How Many Gynecologists Are Male and Why It’s Changing

About one-third of practicing OB/GYNs in the United States are male, and that number is dropping fast. As of 2021, 66% of attending physicians in obstetrics and gynecology were female, leaving 34% male. Among residents currently in training, the gap is even wider: 85% are women. The specialty has undergone one of the most dramatic gender shifts in all of medicine over the past few decades.

How the Numbers Have Changed

In 1975, only 16% of OB/GYN residents were women. By 1986, women crossed the 50% mark for the first time. That shift has only accelerated since. In 2005, 35% of applicants to OB/GYN residency programs were male. By 2020, that figure had fallen to just 20%. Male faculty representation in academic OB/GYN departments dropped by 15% over roughly the same period.

The decline cuts across all racial and ethnic groups. White men applying to OB/GYN residencies decreased from 35% of the applicant pool in 2010 to 23% in 2020. Black, Hispanic, and Asian male applicants also declined. Meanwhile, the proportion of White women applying rose by 8 percentage points over that window.

Because the pipeline of new male OB/GYNs has narrowed so sharply, the specialty will become even more female-dominated in the coming years. The remaining male practitioners tend to be older and closer to retirement, which will accelerate the trend as they leave practice.

Why Fewer Men Are Entering the Field

Several forces are pushing male medical students away from OB/GYN. The specialty involves intimate exams and deeply personal patient relationships, and some male students report feeling unwelcome or uncomfortable during clinical rotations. Patient preference plays a role too, though perhaps less than people assume. A survey of 264 patients across 13 OB/GYN practices in Connecticut found that two-thirds (66.6%) had no gender preference when choosing their provider, and about 81% said they didn’t think a doctor’s gender affected the quality of care.

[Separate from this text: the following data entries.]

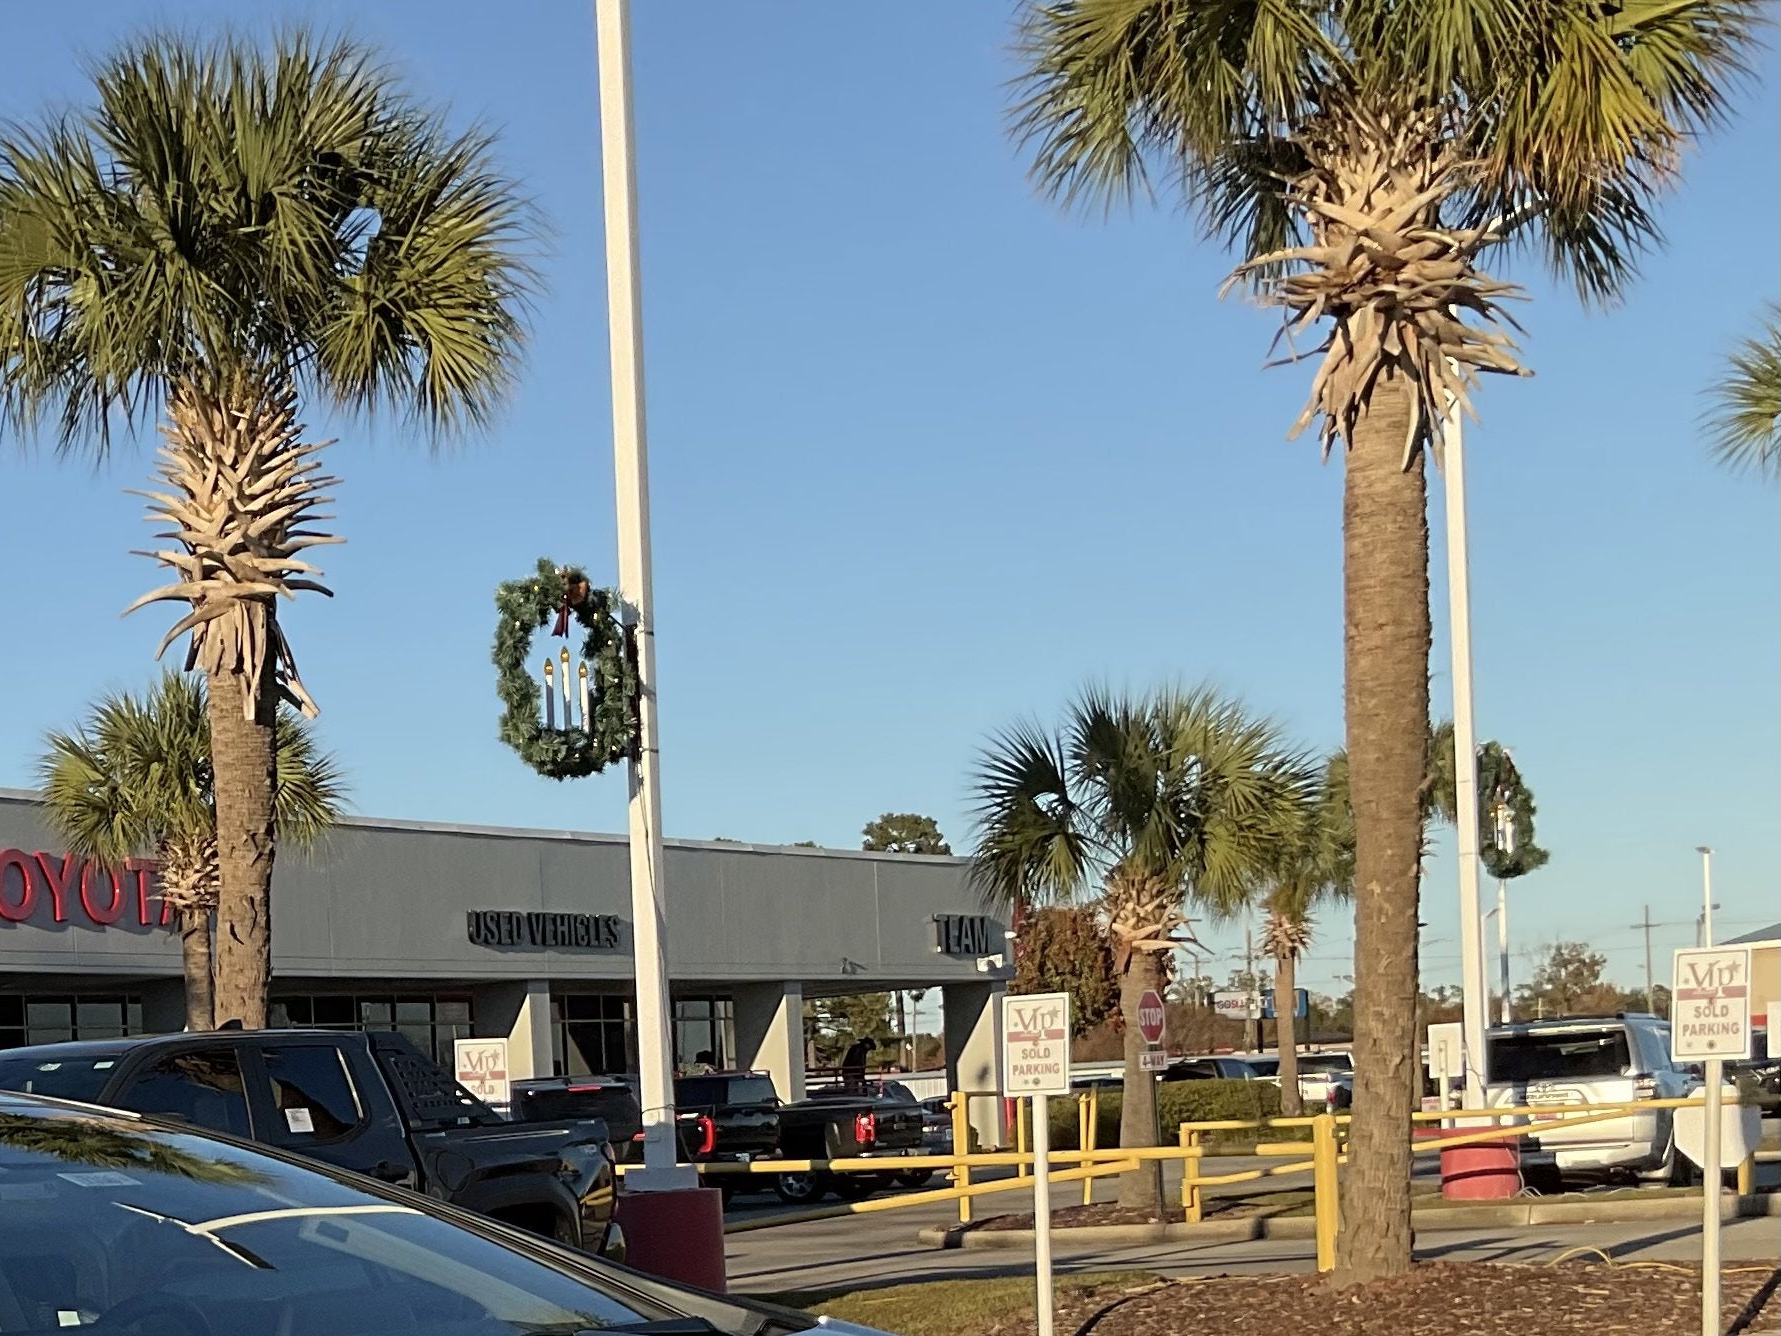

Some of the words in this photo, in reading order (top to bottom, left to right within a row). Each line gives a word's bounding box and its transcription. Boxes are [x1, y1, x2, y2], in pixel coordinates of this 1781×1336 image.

[467, 910, 523, 945] USED
[527, 912, 620, 948] VEHICLES
[933, 913, 991, 954] TEAM
[1139, 1007, 1163, 1027] STOP
[1694, 1005, 1729, 1019] SOLD
[1682, 1022, 1740, 1037] PARKING
[1022, 1047, 1051, 1060] SOLD
[1142, 1055, 1165, 1068] 4-WAY
[1012, 1063, 1060, 1076] PARKING
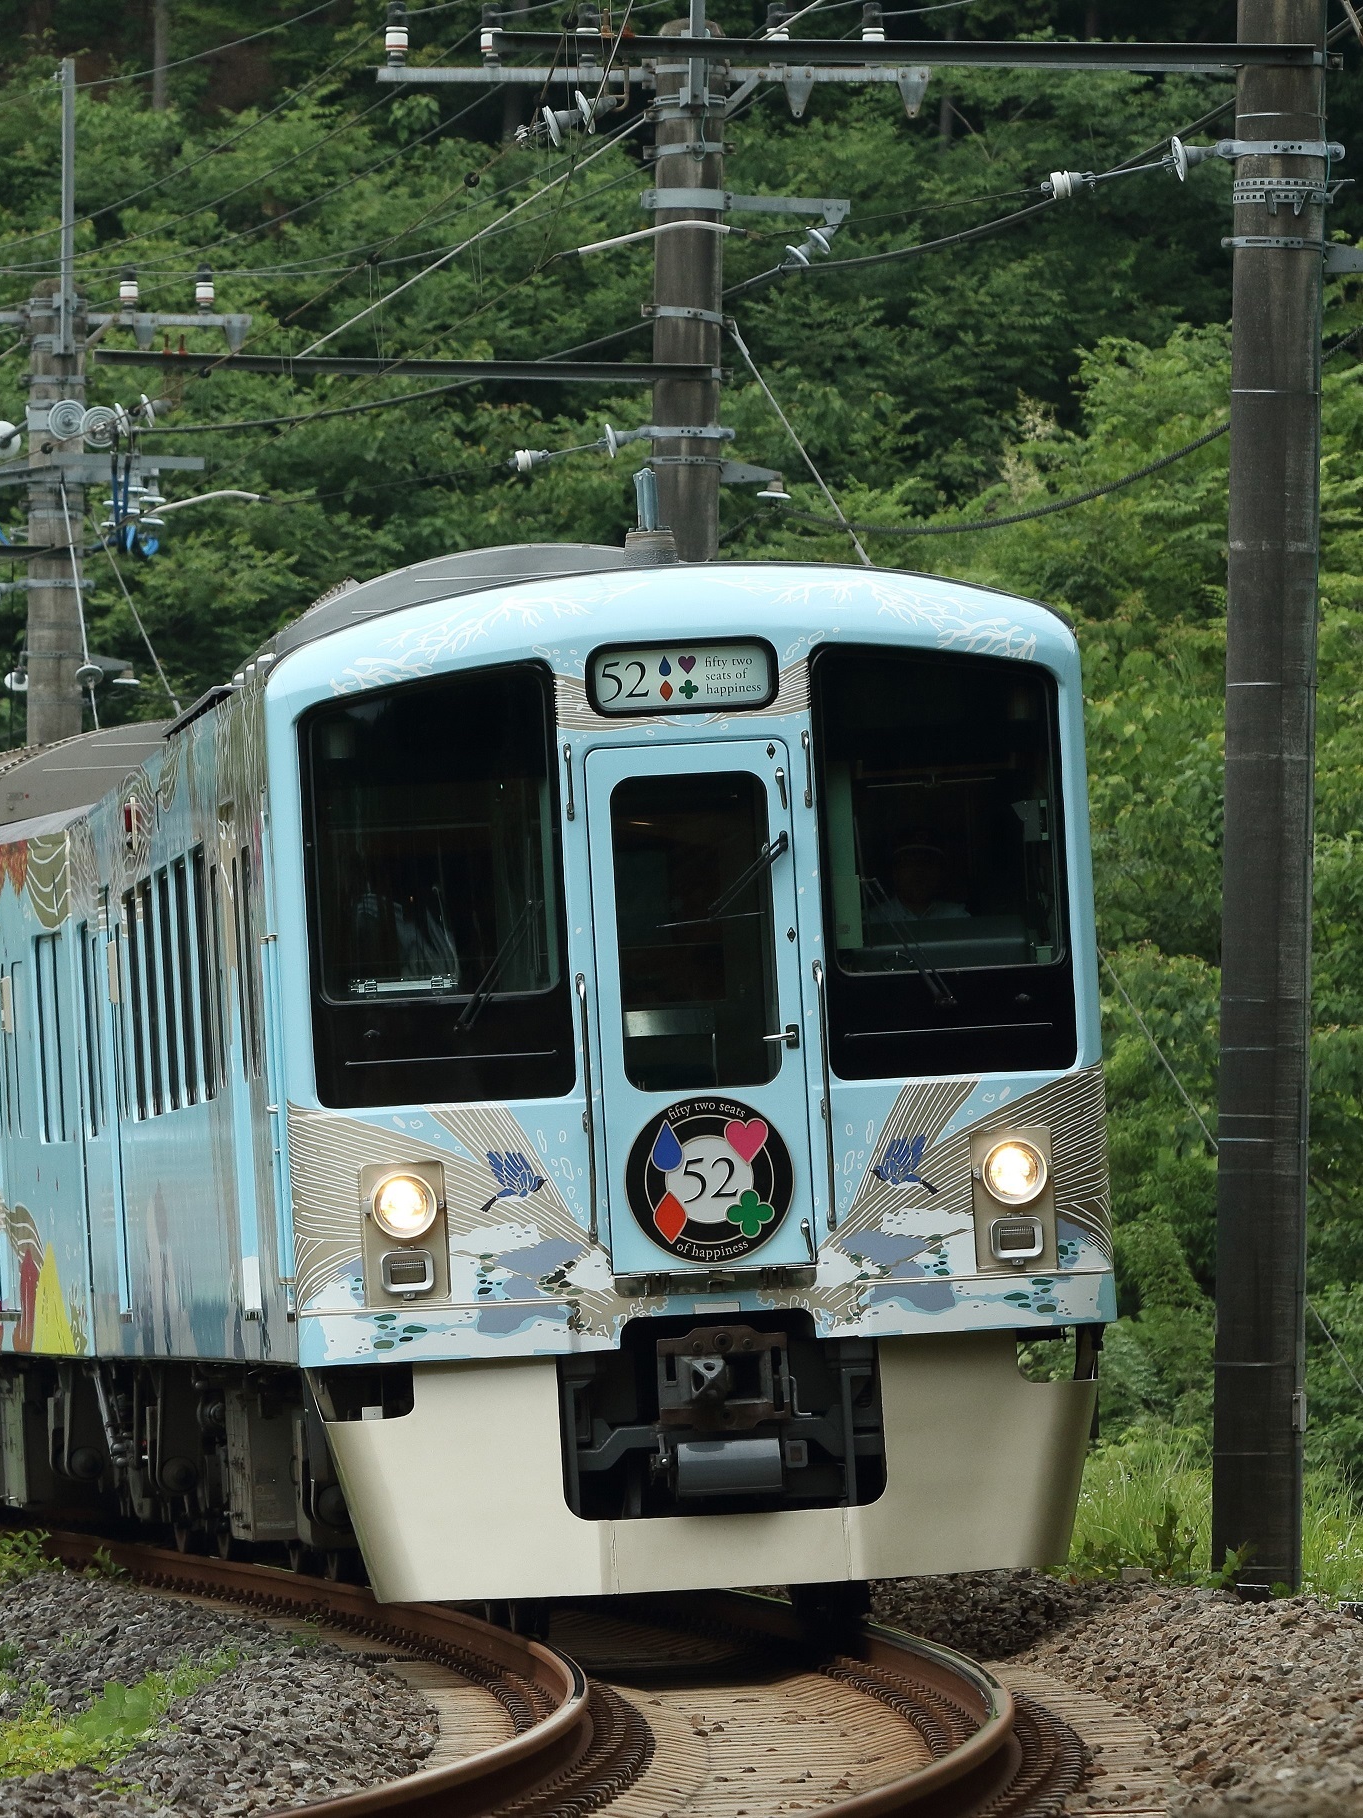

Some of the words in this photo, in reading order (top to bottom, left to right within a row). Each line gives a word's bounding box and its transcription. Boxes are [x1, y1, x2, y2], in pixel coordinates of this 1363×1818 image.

[704, 655, 728, 670] fifty
[732, 656, 753, 666] two
[601, 661, 650, 703] 52
[705, 672, 732, 681] seats
[735, 668, 747, 680] of
[706, 682, 762, 697] happiness
[667, 1104, 691, 1121] fifty
[694, 1101, 716, 1111] two
[719, 1103, 746, 1118] seats
[682, 1156, 739, 1203] 52
[676, 1242, 692, 1254] of
[692, 1240, 749, 1260] happiness
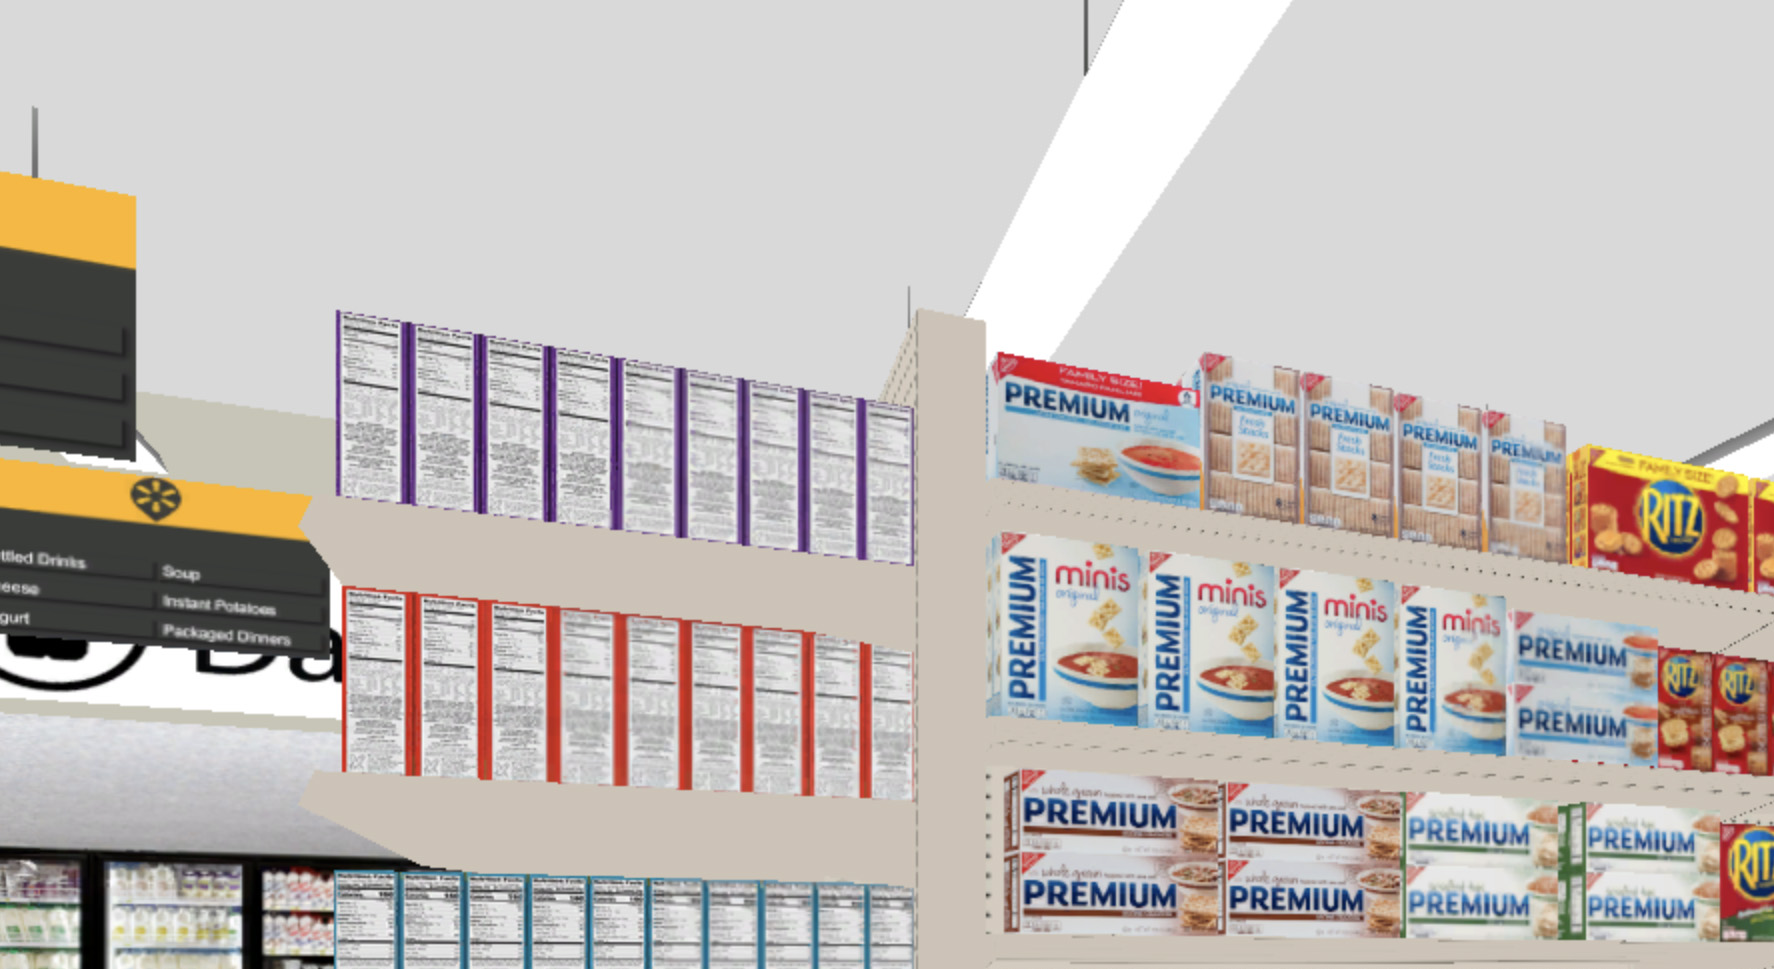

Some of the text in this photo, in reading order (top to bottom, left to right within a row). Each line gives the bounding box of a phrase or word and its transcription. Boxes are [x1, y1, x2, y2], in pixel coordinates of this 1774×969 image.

[1005, 381, 1130, 424] PREMIUM
[1209, 383, 1297, 417] PREMIUM
[1310, 402, 1391, 432] PREMIUM
[1403, 423, 1478, 450] PREMIUM
[1640, 489, 1702, 542] RITZ
[37, 552, 87, 570] Drinks
[162, 564, 201, 583] Soup
[1055, 560, 1131, 592] minis
[162, 595, 277, 616] Instant Potatoes
[1197, 578, 1267, 609] minis
[1324, 593, 1388, 623] minis
[162, 624, 292, 647] Packaged Dinners
[1008, 555, 1037, 700] PREMIUM
[1442, 609, 1501, 637] minis
[1155, 573, 1181, 711] PREMIUM
[1285, 589, 1309, 723] PREMIUM
[1518, 634, 1628, 668] PREMIUM
[1405, 604, 1428, 733] PREMIUM
[1518, 706, 1628, 740] PREMIUM
[1023, 797, 1178, 829] PREMIUM
[1229, 807, 1364, 838] PREMIUM
[1408, 817, 1530, 846] PREMIUM
[1588, 826, 1696, 853] PREMIUM
[1023, 879, 1178, 909] PREMIUM
[1229, 885, 1364, 913] PREMIUM
[1408, 890, 1530, 917] PREMIUM
[1588, 895, 1696, 921] PREMIUM
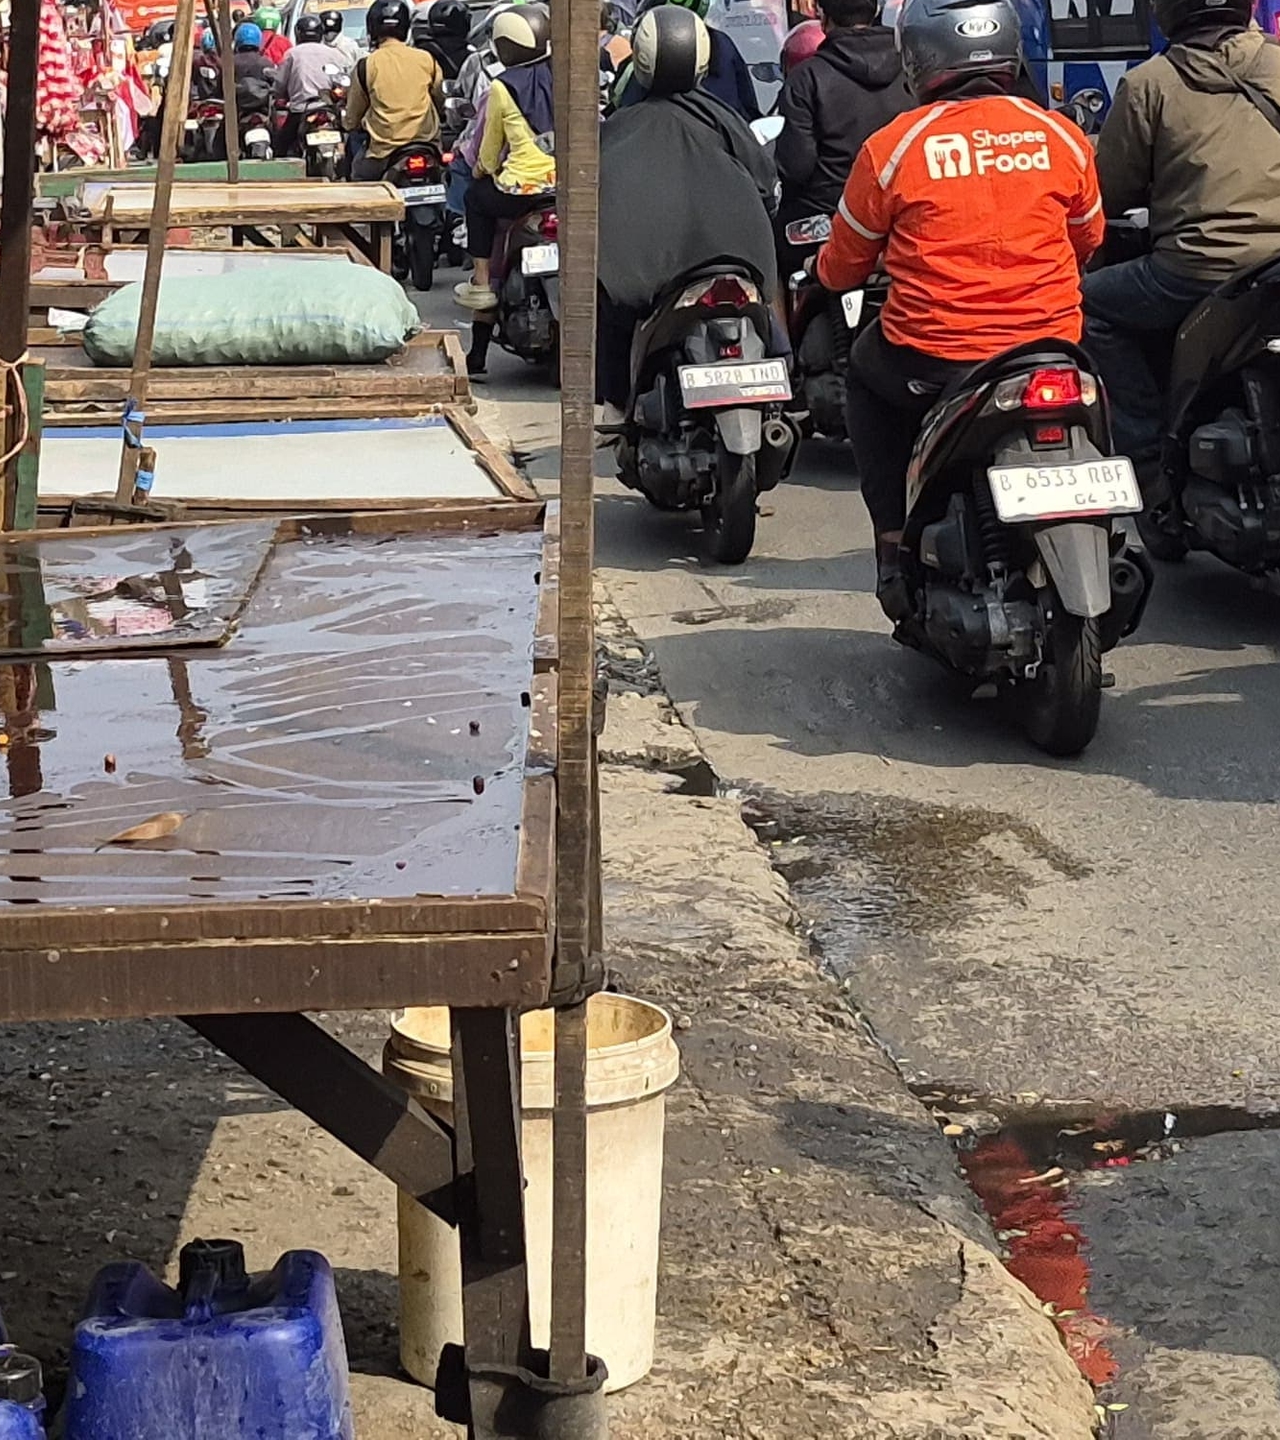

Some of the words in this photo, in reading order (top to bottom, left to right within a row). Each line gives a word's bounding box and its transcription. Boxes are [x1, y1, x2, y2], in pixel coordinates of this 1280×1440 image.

[972, 129, 1047, 149] Shopee
[975, 144, 1051, 176] Food
[1026, 469, 1078, 489] 6533

Still, even a minority of patients declining male providers can shape a medical student’s experience during rotations. If male students are repeatedly asked to leave the room or sense hesitation from patients, it creates a discouraging environment. Combined with fewer male mentors and role models already in the specialty, this creates a self-reinforcing cycle: fewer men enter, which means fewer male mentors for the next generation, which means even fewer men apply.

How This Compares Internationally

The gender shift isn’t unique to the U.S. In Australia, data from 2016 showed that male OB/GYNs still made up 55% of the workforce, but the age gap tells the real story. Male clinicians averaged 55.6 years old, while their female colleagues averaged 47.2, a difference of more than eight years. That means the Australian specialty is heading in the same direction as the American one, just on a slight delay. As the older, predominantly male cohort retires, women will become the majority there too.

What This Means for Patients

If you prefer a male gynecologist, you can still find one, but it may take more effort depending on where you live. In urban areas with large hospital systems, you’ll likely have options. In smaller practices or rural areas, the pool is shrinking. The trend is particularly noticeable among younger doctors. If your male OB/GYN retires, the physician replacing them will very likely be a woman.

For patients who prefer a female provider, the shift means more choices and shorter wait times in many areas. For those without a strong preference, the practical impact is minimal. The research consistently shows that provider gender doesn’t correlate with quality of care, and the vast majority of patients report being satisfied regardless of whether their OB/GYN is male or female.

The broader implication is that OB/GYN is becoming one of the most gender-imbalanced specialties in medicine, alongside fields like orthopedic surgery (which skews heavily male). Whether that imbalance matters depends on perspective, but the numbers are clear: the male OB/GYN is an increasingly rare figure in American healthcare, and every year the trend moves further in the same direction.